Chegaram as raposinhas

O Escape confessa. Por vezes sente-se algo só e abandonado no espaço blogosférico. Meio a zombar, o Escape até costuma apresentar-se como “o melhor blogue português sobre motas, motociclistas e motociclismo…, até porque não há outro…”.

Que me perdoem os demais camaradas motociclistas que usam esta forma, a de blogue, para comunicar mas…, aqui a forma não faz o conteúdo, muito menos a essência. Existem outros sítios na Rede que se apresentam como blogue mas…, ou são intermitentes, assim tipo pisca-pisca, ou são meros repositórios de palavras, imagens, coisas e cenas. O blogue, para o ser, terá sempre de ter “aquele” cunho subjectivo ou mesmo pessoal. 

É o que nos prometem as Foxy Riders (link). “4 mulheres, muito diferentes, inconformadas, que se riem das adversidades e que optam sempre pelo caminho menos trilhado. Das nossas estranhezas, das nossas paixões, das nossas fixações nasce as Foxy Riders. Uma nova geração de motociclistas do sexo feminino que encontram inspiração umas nas outras através de um conjunto compartilhado de ideais: a aventura, o companheirismo e a liberdade de percorrer a estrada em cima de uma moto”. 

O Escape dá as boas-vindas às raposinhas e fica contente por estar mais acompanhado nesta estrada blogosférica. Perseverança precisa-se. Boas curvas, miúdas!

quinta-feira, 30 de junho de 2016

Às bancas povo das motas


Este Escape tem o enorme prazer de colaborar, ainda que de forma humilde, na REV #34. “Estradas do Amanhã” é o texto escapista que ali podem encontrar; um texto que tenta relatar um dia diferente, um dia no BMW Motorrad Riding Experience do passado més de Maio. 

Razões não faltam para lermos a REV. Esta…, é apenas mais uma. E logo na “edição Kevin Schwantz”. 

Rateres…, que orgulho, pah!!

quarta-feira, 29 de junho de 2016

Quarenta e quatro voltinhas ao sol completadas

Fui reler o post que tinha escrito aqui (link), precisamente neste dia mas do ano passado. Honestamente, gostei! 

Este ano diria…, não me sinto tão inspirado. Mas não “estou coiso”. De facto, tal como desejei há trezentos e não sei quanto dias, não me tem faltado na vida honesta paixão. 

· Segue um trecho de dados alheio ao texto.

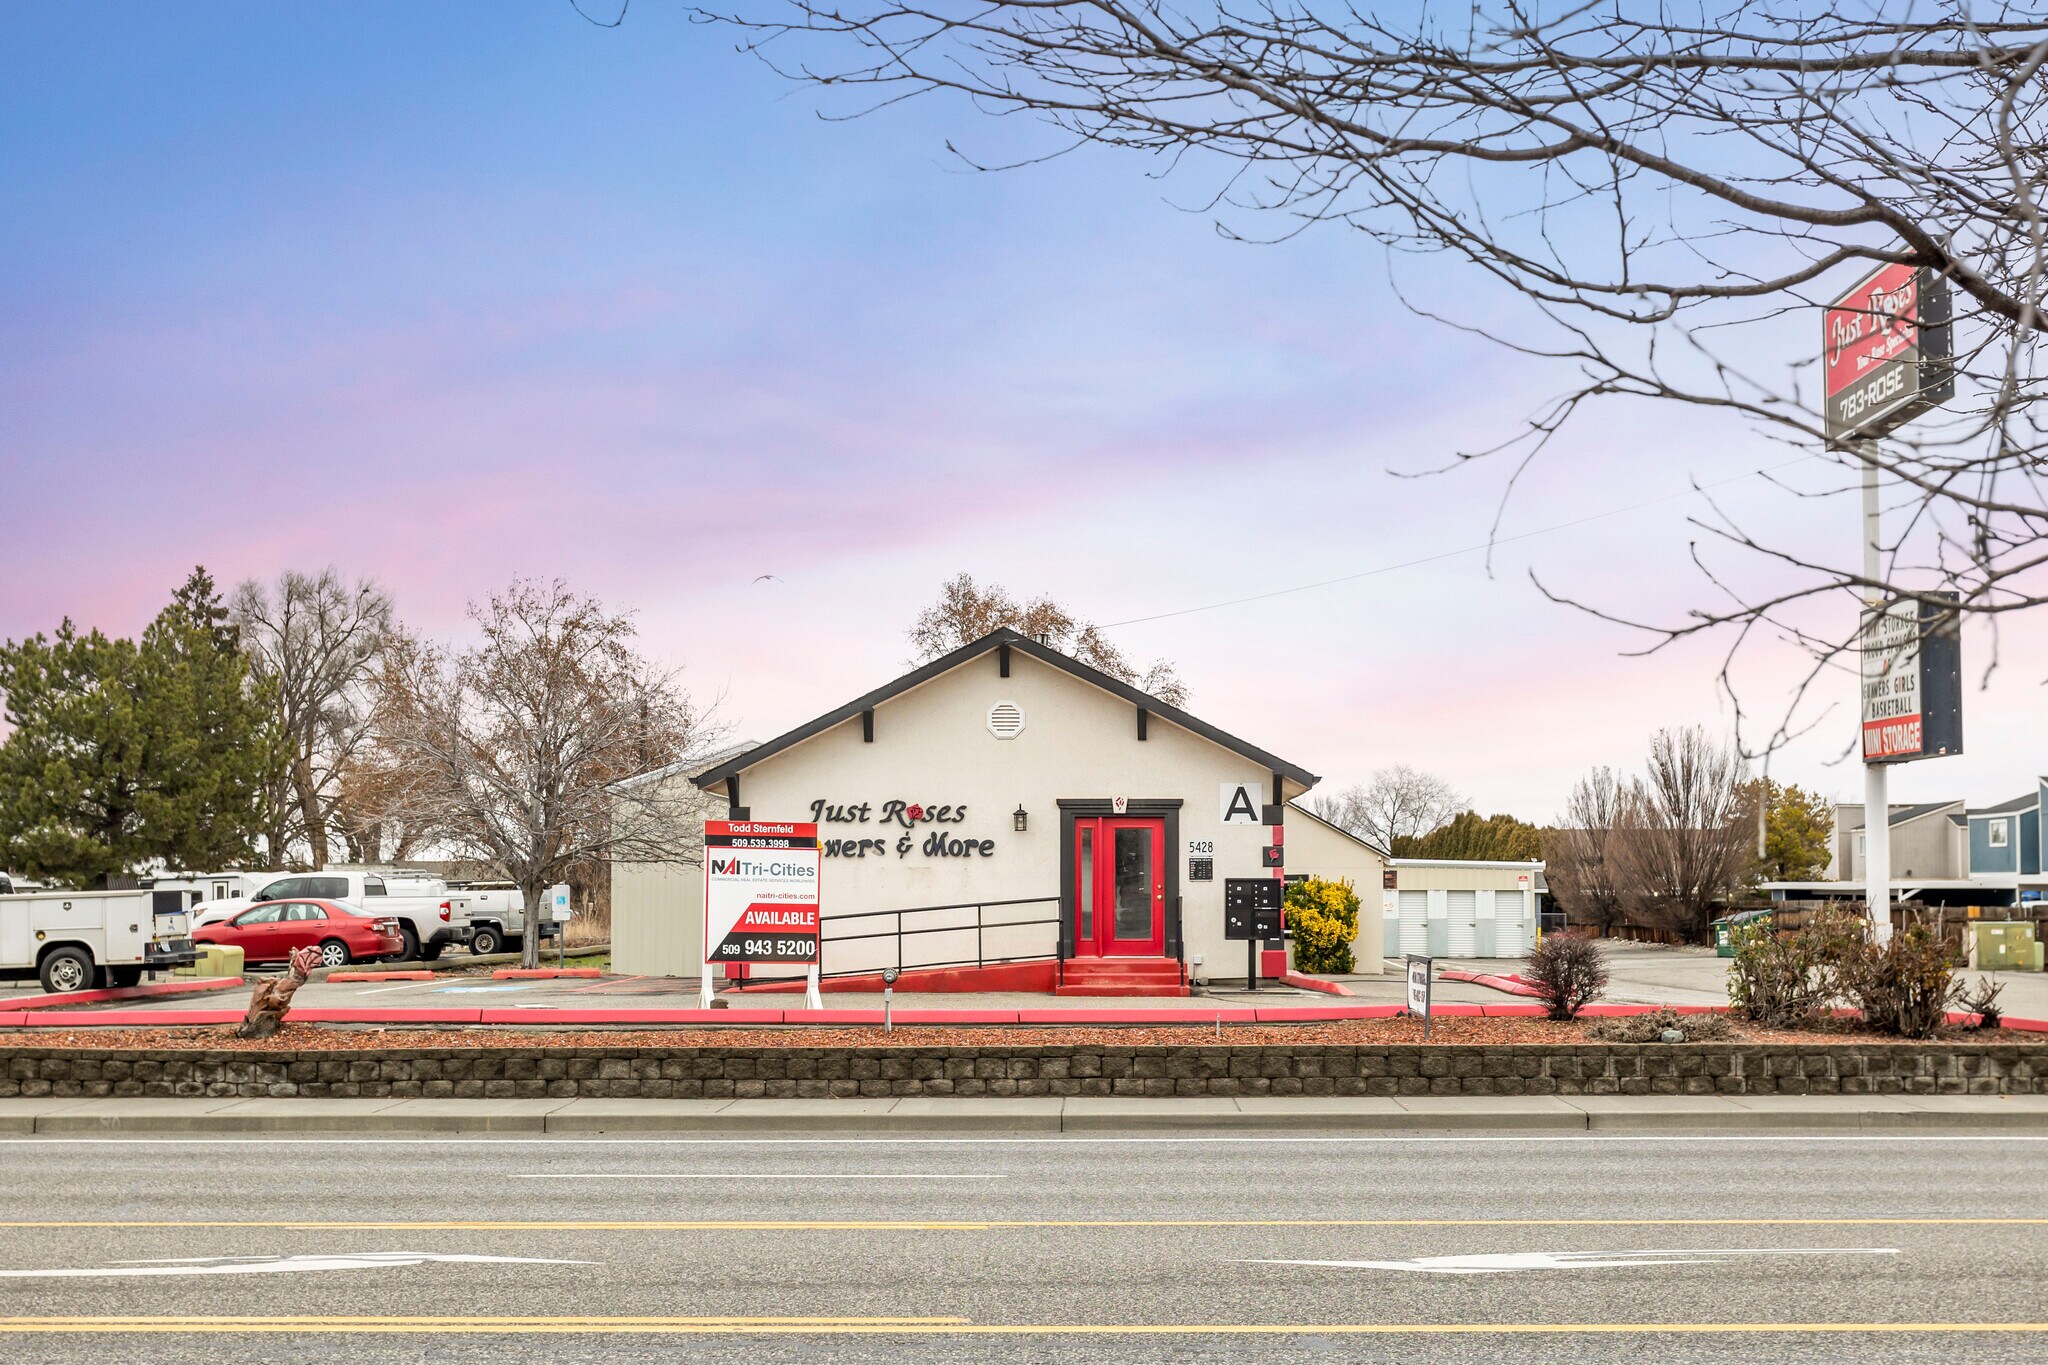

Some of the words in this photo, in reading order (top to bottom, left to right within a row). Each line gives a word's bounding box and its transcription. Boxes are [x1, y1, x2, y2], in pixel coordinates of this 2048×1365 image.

Nos próximos trezentos e não sei quantos…, dou o braço ao Miguel. Salto para cima daquela coisa que ele tão bem conduz aos fins-de-semana por esse mundo fora e…, ai vamos nós orgulhosamente a carregar o dorsal 44! 

Coincidências…


quarta-feira, 1 de junho de 2016

O Escape hoje acordou assim… #8

No Dia Mundial da Criança..., nada melhor do que "receber" um brinquedo novo..., uma seven fifty que vai dar muitoooooo que falar aqui no Escape...

segunda-feira, 30 de maio de 2016

A propósito da prova à Honda NC750X 2016 DCT ABS

Quando ir a Espanha era..., épico. 
No século passado, entre 1994 e 1998, tive uma Honda NTV 650. A minha segunda mota. À época, apesar de já trabalhar, era a mota possível. E desejável, em bom rigor. 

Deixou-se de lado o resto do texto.